**** Supplied data
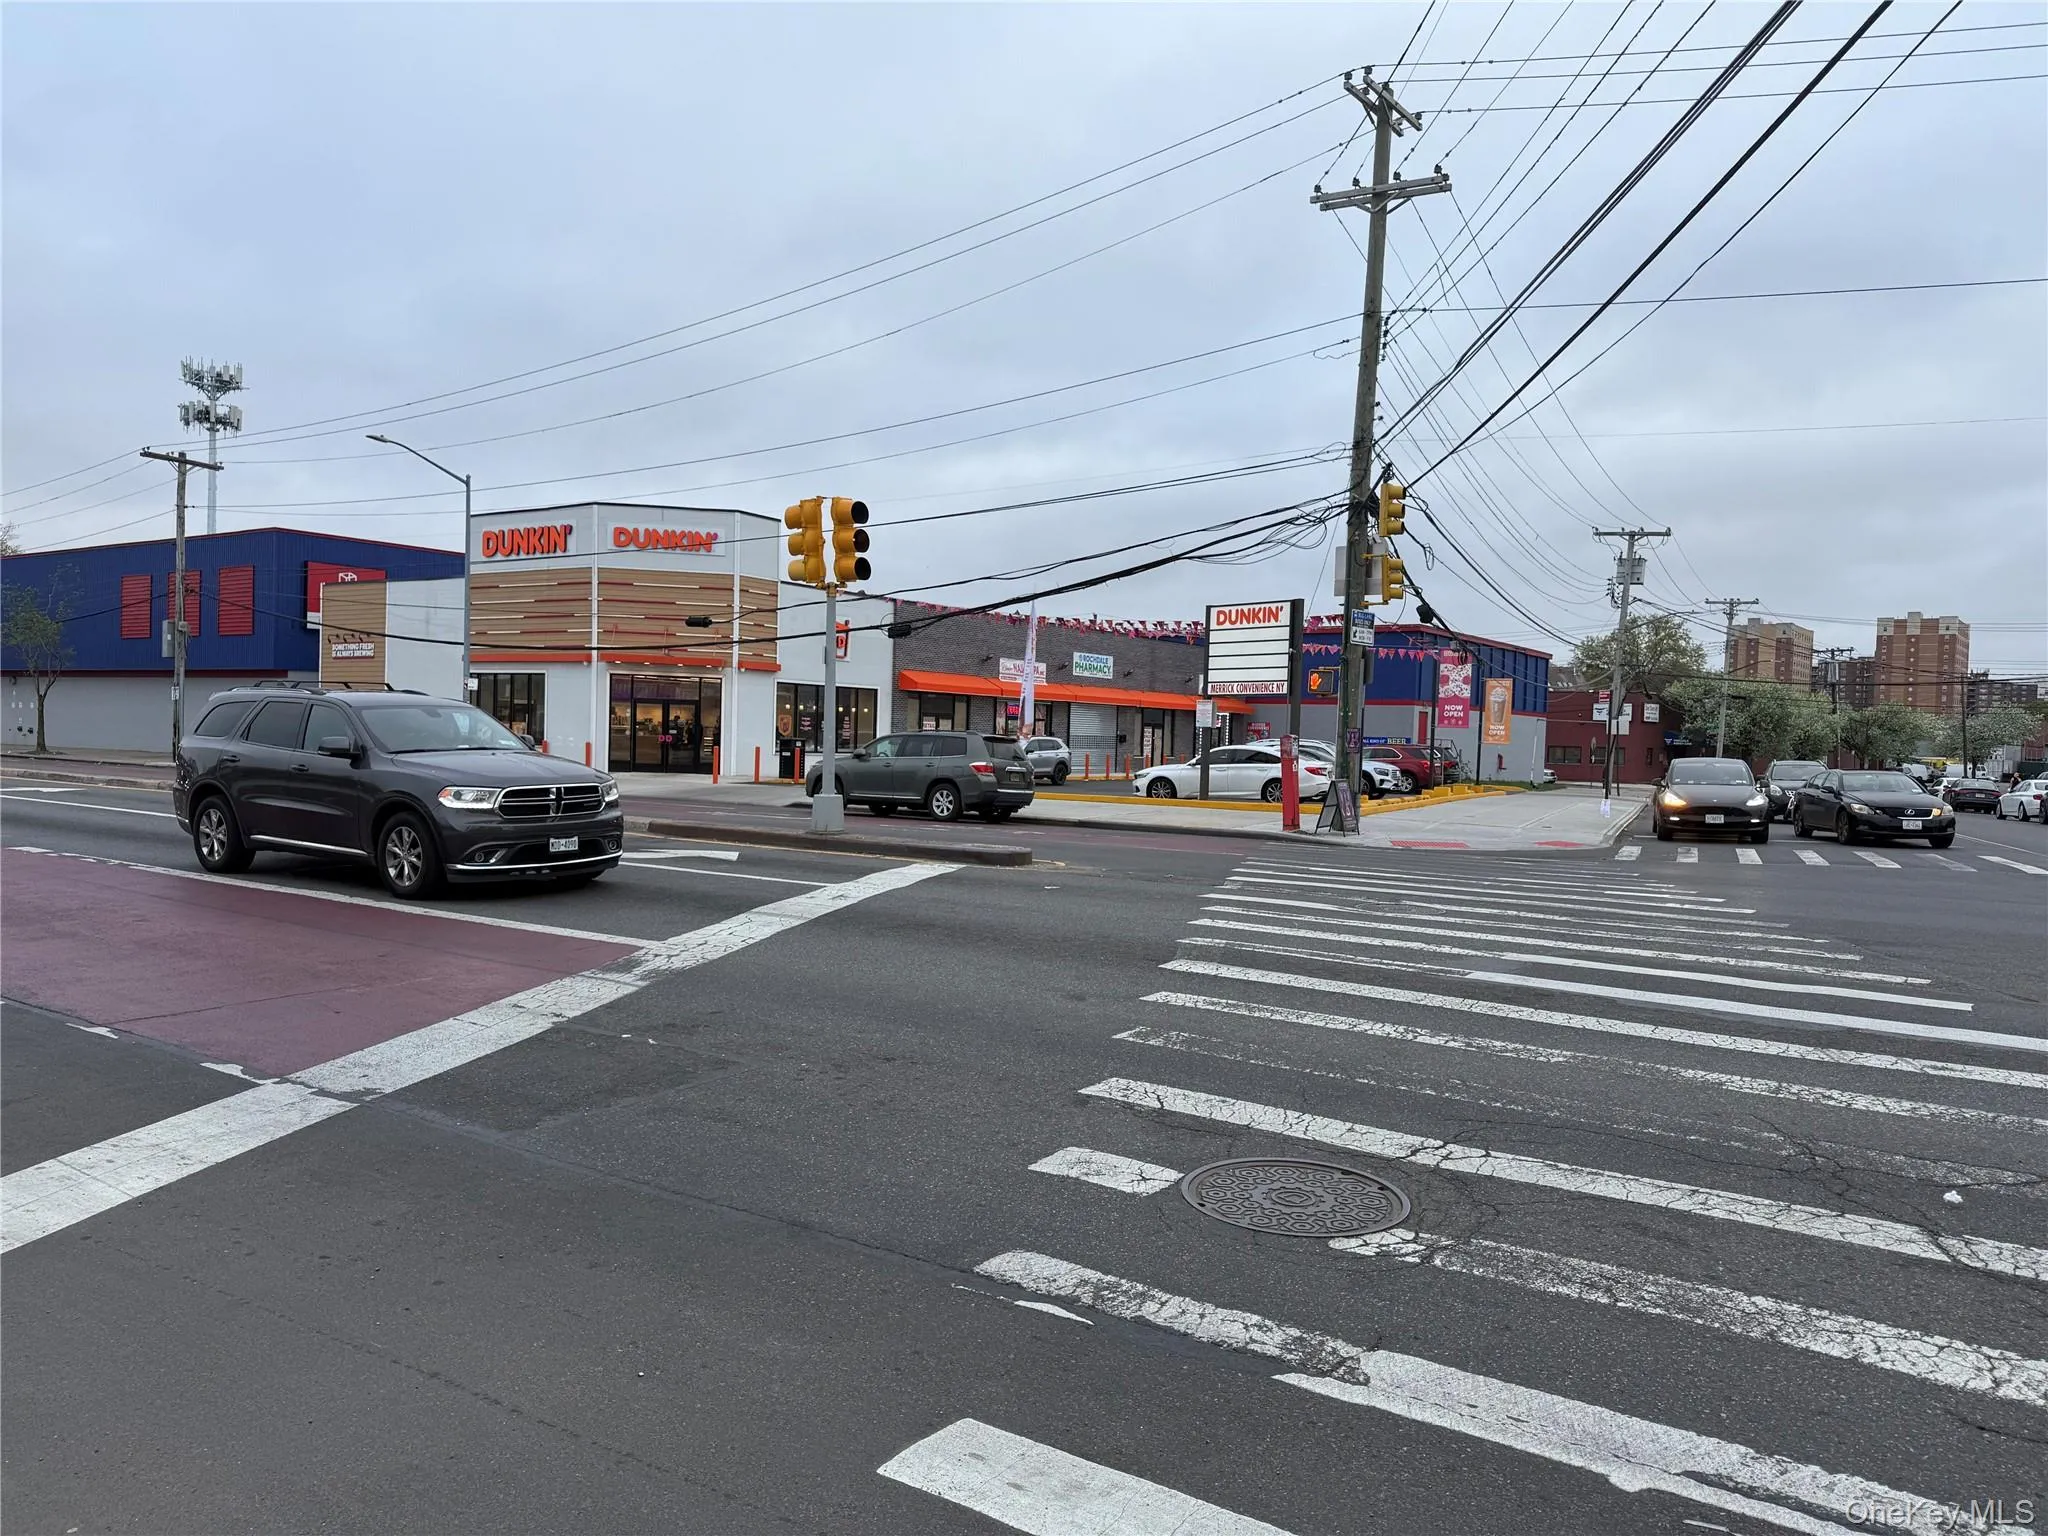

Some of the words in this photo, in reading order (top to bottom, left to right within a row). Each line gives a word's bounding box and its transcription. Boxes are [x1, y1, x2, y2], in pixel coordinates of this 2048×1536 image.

[482, 524, 572, 558] DUNKIN'
[613, 526, 719, 552] DUNKIN'
[1216, 605, 1284, 626] DUNKIN'
[1075, 661, 1111, 675] PHARMACY
[1210, 684, 1235, 694] MERRICK
[1236, 683, 1275, 693] CONVENIENCE
[1276, 682, 1285, 693] NY
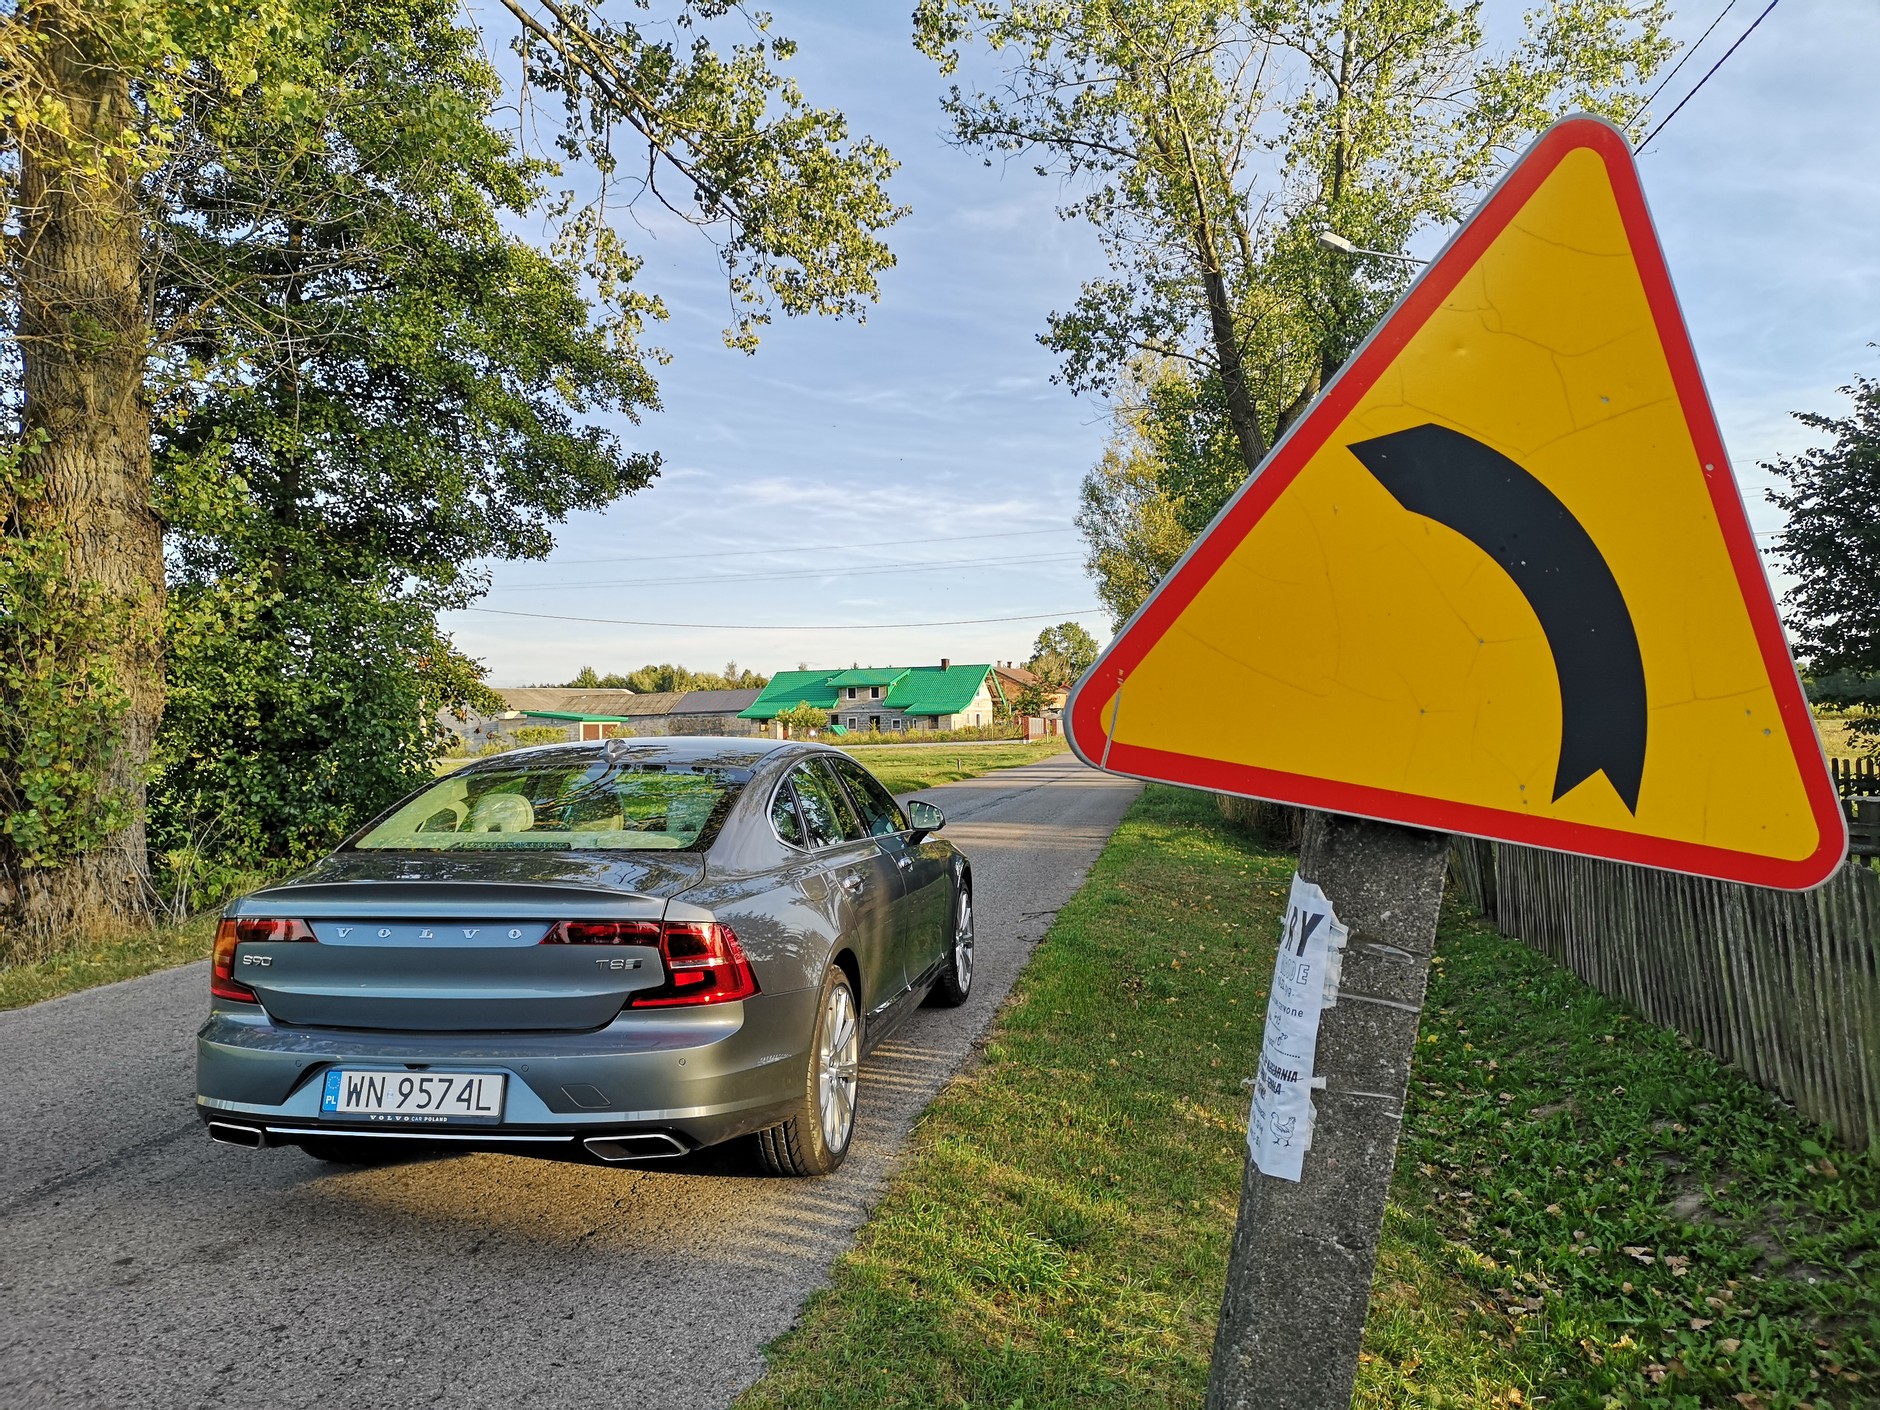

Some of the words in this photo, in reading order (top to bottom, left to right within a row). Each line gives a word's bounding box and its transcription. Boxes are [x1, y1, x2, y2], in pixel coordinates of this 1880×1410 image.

[336, 927, 522, 939] VOLVO
[242, 955, 272, 966] S90
[346, 1076, 386, 1108] WN
[396, 1078, 491, 1111] 9574L
[325, 1096, 337, 1105] PL
********
> Description of the task
No picture belongs in the answer; the rest of the records must be repeated exactly.

> Result of this exercise
Some of the words in this photo, in reading order (top to bottom, left to right within a row). Each line gives a word's bounding box and its transcription. Boxes are [x1, y1, x2, y2], in pixel coordinates of this 2048×1536 image.

[482, 524, 572, 558] DUNKIN'
[613, 526, 719, 552] DUNKIN'
[1216, 605, 1284, 626] DUNKIN'
[1075, 661, 1111, 675] PHARMACY
[1210, 684, 1235, 694] MERRICK
[1236, 683, 1275, 693] CONVENIENCE
[1276, 682, 1285, 693] NY

Some of the words in this photo, in reading order (top to bottom, left to right within a row). Each line gives a word's bounding box and its transcription. Boxes are [x1, y1, x2, y2], in pixel coordinates of this 1880×1410 image.

[336, 927, 522, 939] VOLVO
[242, 955, 272, 966] S90
[346, 1076, 386, 1108] WN
[396, 1078, 491, 1111] 9574L
[325, 1096, 337, 1105] PL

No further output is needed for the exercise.